Welcome to the American economic outlook, where if you can do the one-two shuffle, you are going to be one fabulous dancer. And today was just such a day for such astounding rebounds, which make one think that there have to be some NBA stars hitting hoops in the Dow these days. On Tuesday, the Dow Jones saw its sharpest increase of equities since 2007, a sign that many are taking to be that the economic recession of the mid-2000s has began to simmer down in favor of a healthier economy, and somehow in spite of the gloom and doom talks regarding the sequester by congress.

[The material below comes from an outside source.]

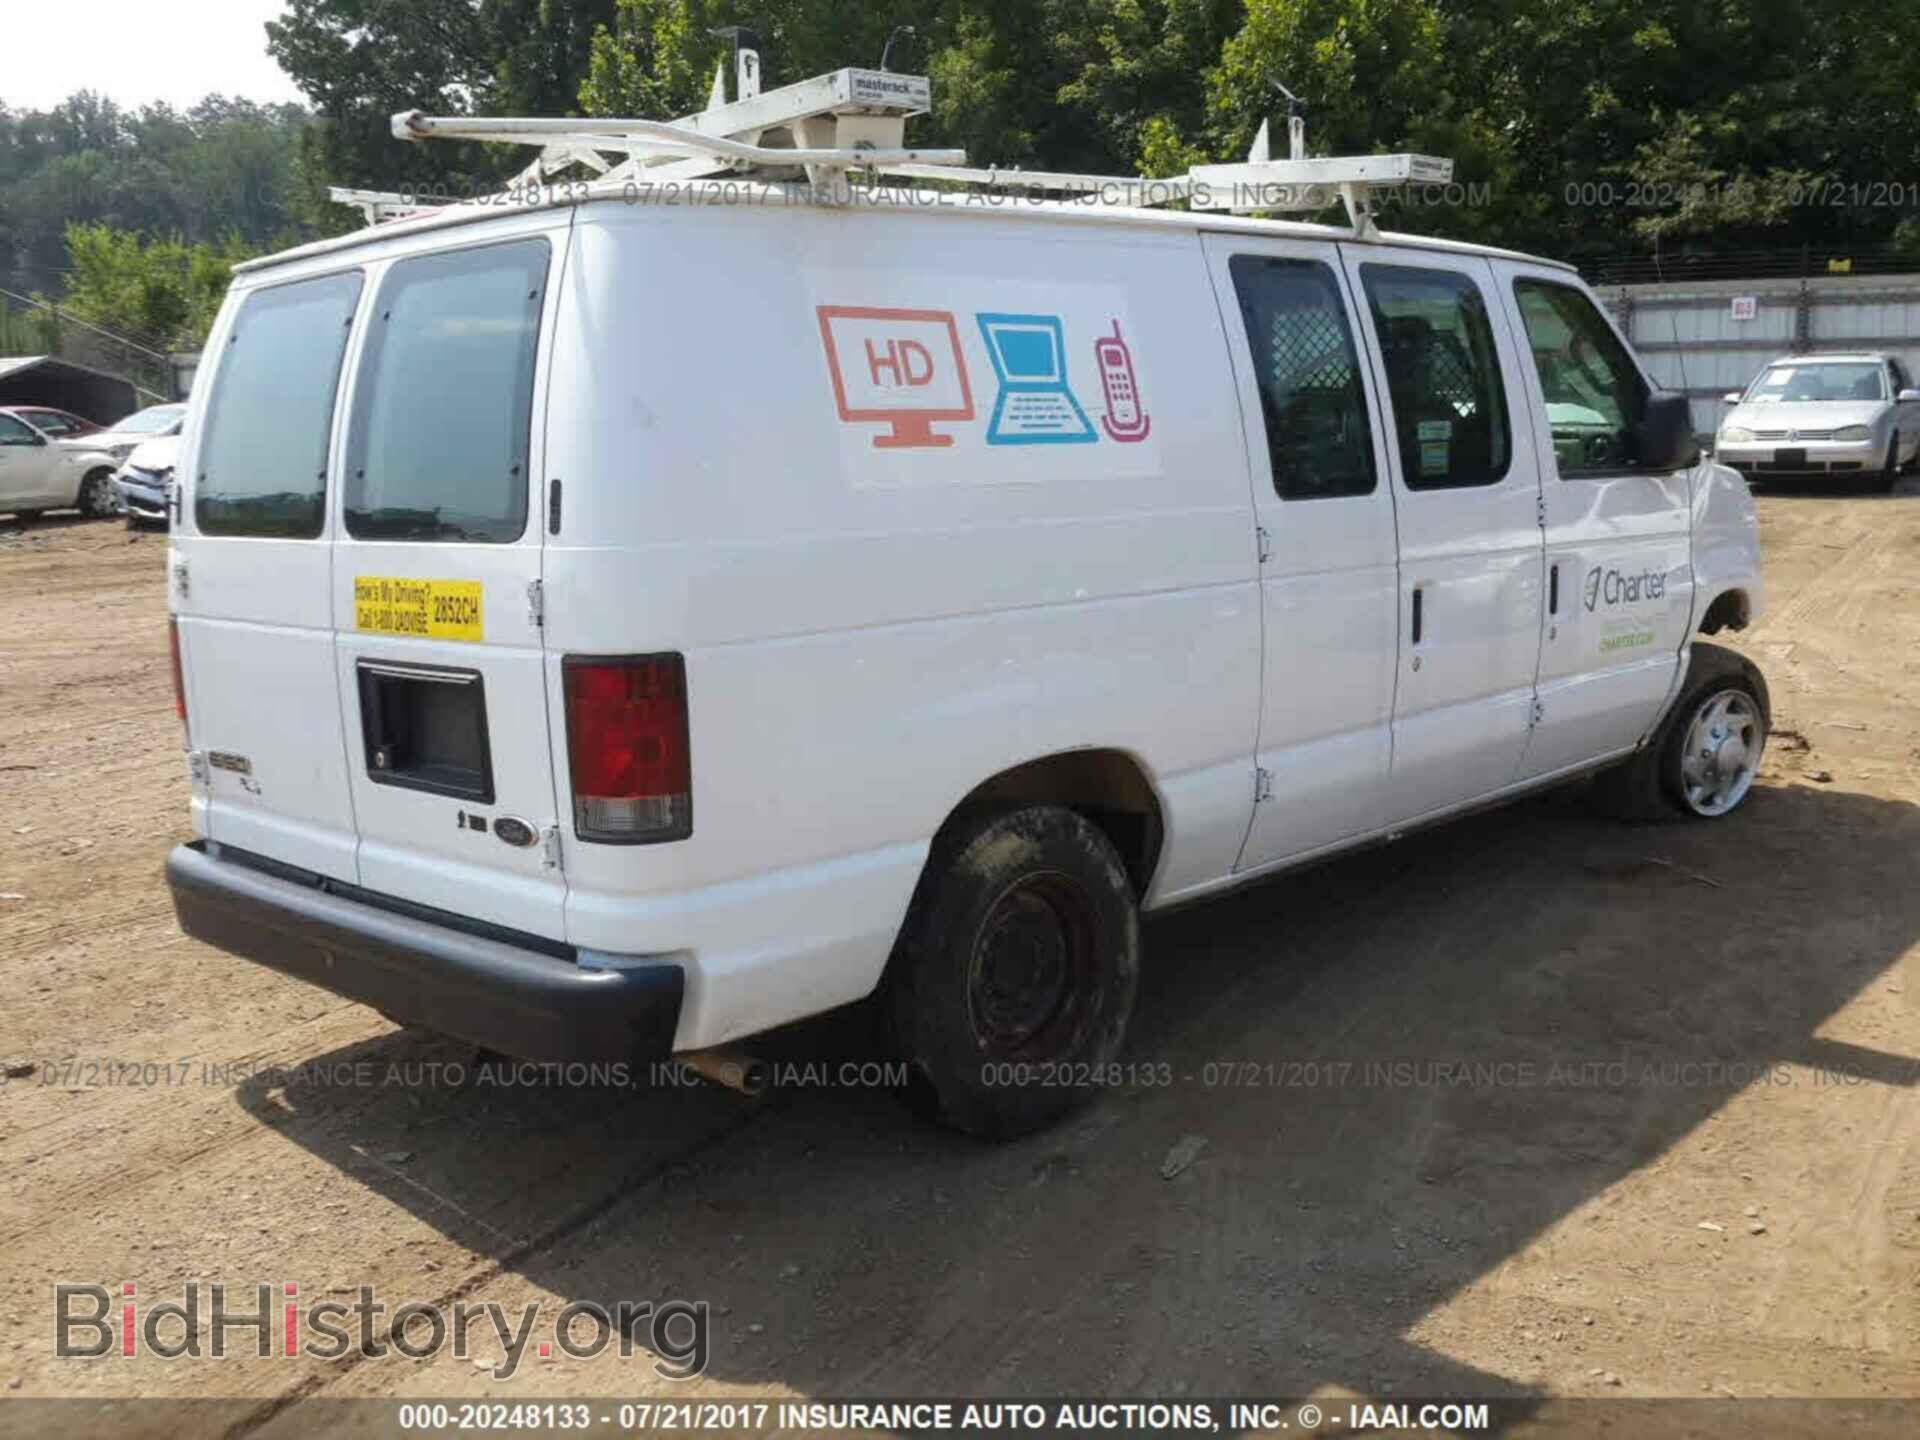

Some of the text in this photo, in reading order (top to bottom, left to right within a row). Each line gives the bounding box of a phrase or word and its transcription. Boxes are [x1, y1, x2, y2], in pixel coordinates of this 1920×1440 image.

[864, 337, 934, 387] HD
[1603, 568, 1667, 605] Charter
[434, 595, 480, 625] 2852CH

A syndicated report by Reuters revealed that the market was indeed a tad bit healthier today, newsworthy and notable. “Dow has gained nearly 9 percent so far this year, ahead of the S&P 500 and Nasdaq Composite Index. Ten of the Dow’s 30 component stocks reached new 52-week highs on a day when 418 stocks hit new yearly highs on the New York Stock Exchange,” the report said.

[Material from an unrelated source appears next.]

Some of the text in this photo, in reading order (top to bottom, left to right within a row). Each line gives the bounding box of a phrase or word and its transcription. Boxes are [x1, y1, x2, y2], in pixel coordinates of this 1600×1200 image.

Most analysts said that the sudden influx in the market was mostly due to the relaxing of monetary policies by the Federal Reserve. But some added cautionary warnings that this shouldn’t be the end-all, be-all sign that our economic recover has concluded.
“Just because we’re testing old highs doesn’t necessarily mean the markets are going to capitulate. The underlying fundamentals still remain in place,” said Joseph Tanious, global market strategist at J.P. Morgan Funds in New York.
Many people are bracing for some turbulence as the sequester still kicks in nationwide. While some cities, like Detroit, have already taken drastic budget measures, others are waiting it out to see what really might transpire from looming budget cuts that took effect last week.
“It’s been a bumpy ride, obviously, the past few years, but it appears corporate America has proved its resilience once again,” Tanious said.
Tuesday, the Dow was on pace to break closing records that were set on October 9, 2007 at: 14,164.53.
Investors Are Still Leary
Needless to say, this nice bump does not negate investor leeriness. Many are optimistically positive but have a bit a of hindsight from recent years holding them back from making any truly major moves just yet. And many are still relying greatly on the Fed’s position to help wean the market back.
“It’s clear the economy isn’t ready to have the Fed leave,” said Ken Polcari, director of the NYSE floor division at O’Neil Securities in New York. “No one thinks we’re going into a crisis like we did after 2007, but the sense of play is very telling. Even though people are in the market, they’re very cautious and searching for yield.